- [Exercise directions] Set down every record below exactly as it appears, but without the pictures.

Phrase grounding data:
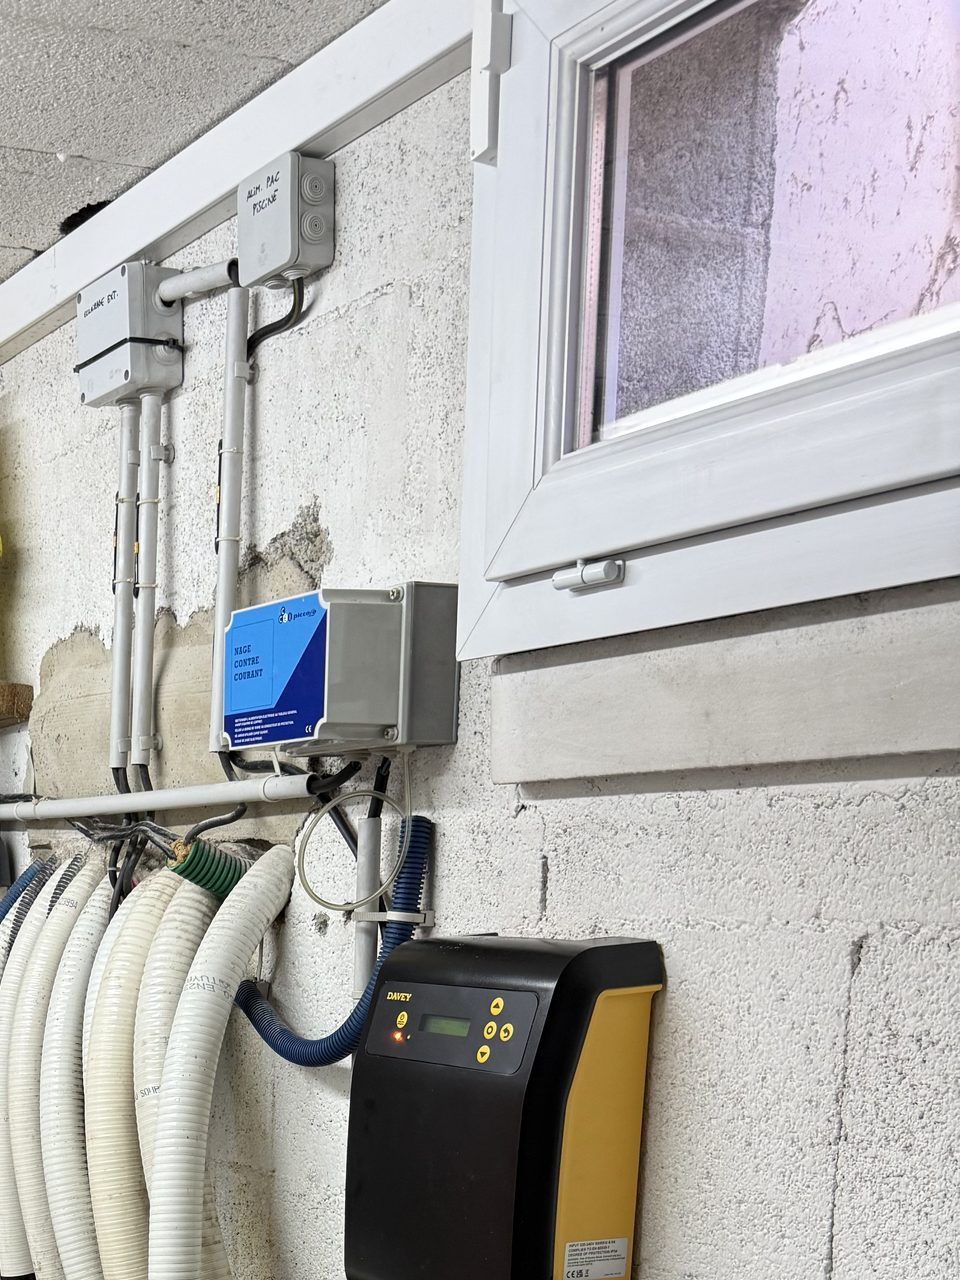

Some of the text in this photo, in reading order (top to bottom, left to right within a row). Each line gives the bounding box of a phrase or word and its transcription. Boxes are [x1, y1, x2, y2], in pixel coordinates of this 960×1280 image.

[266, 170, 280, 189] PAC
[234, 644, 251, 656] NAGE
[234, 656, 260, 669] CONTRE
[234, 668, 263, 681] COURANT
[386, 991, 413, 1002] DAVEY
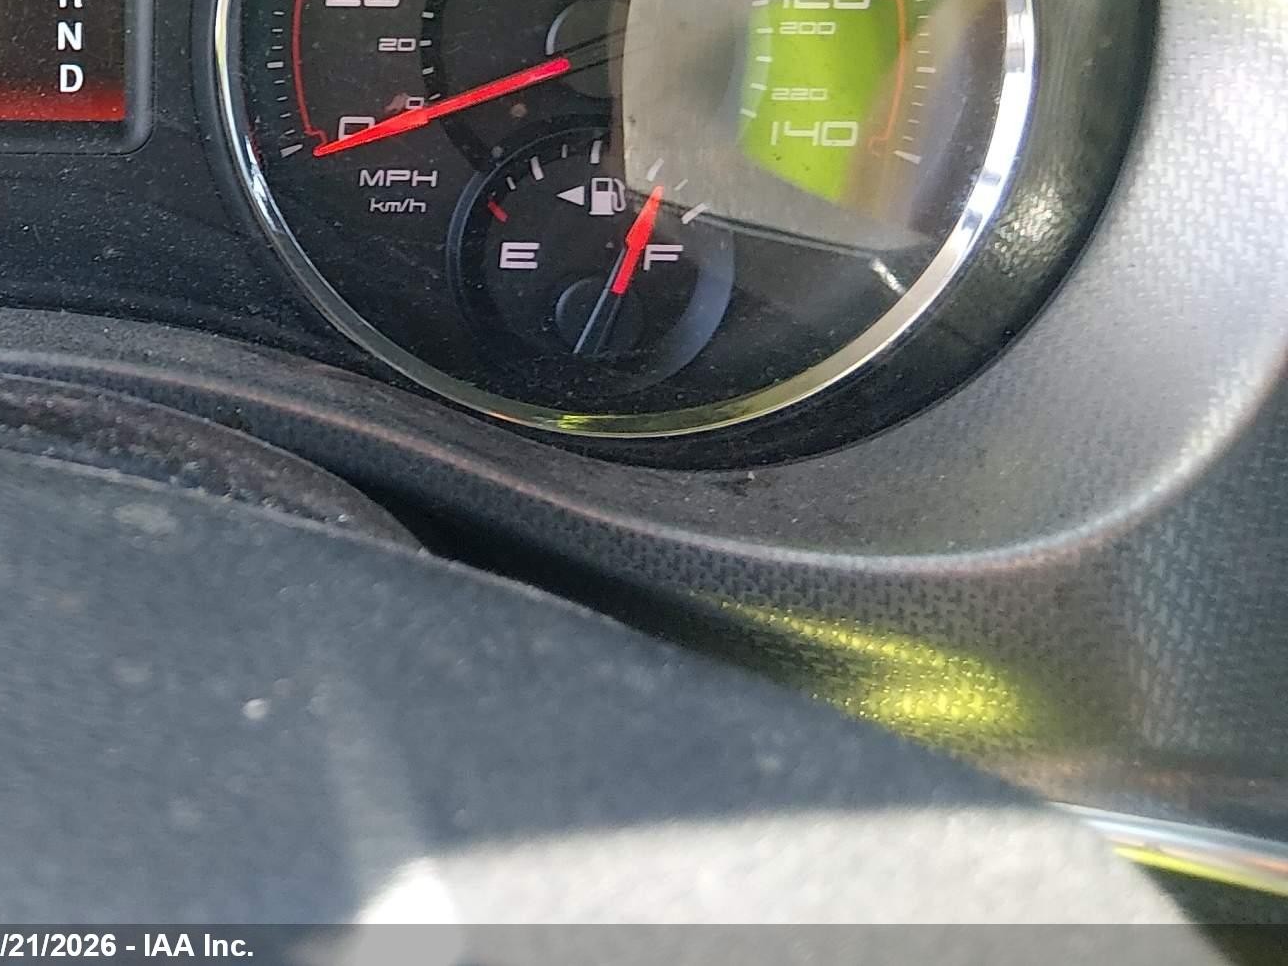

- [Written solution]
Some of the text in this photo, in reading order (top to bottom, left to right within a row). Each line gives the bounding box of a phrase or word and its transcription. Boxes are [x1, y1, x2, y2], in pixel coordinates of this 960×1280 image.

[266, 170, 280, 189] PAC
[234, 644, 251, 656] NAGE
[234, 656, 260, 669] CONTRE
[234, 668, 263, 681] COURANT
[386, 991, 413, 1002] DAVEY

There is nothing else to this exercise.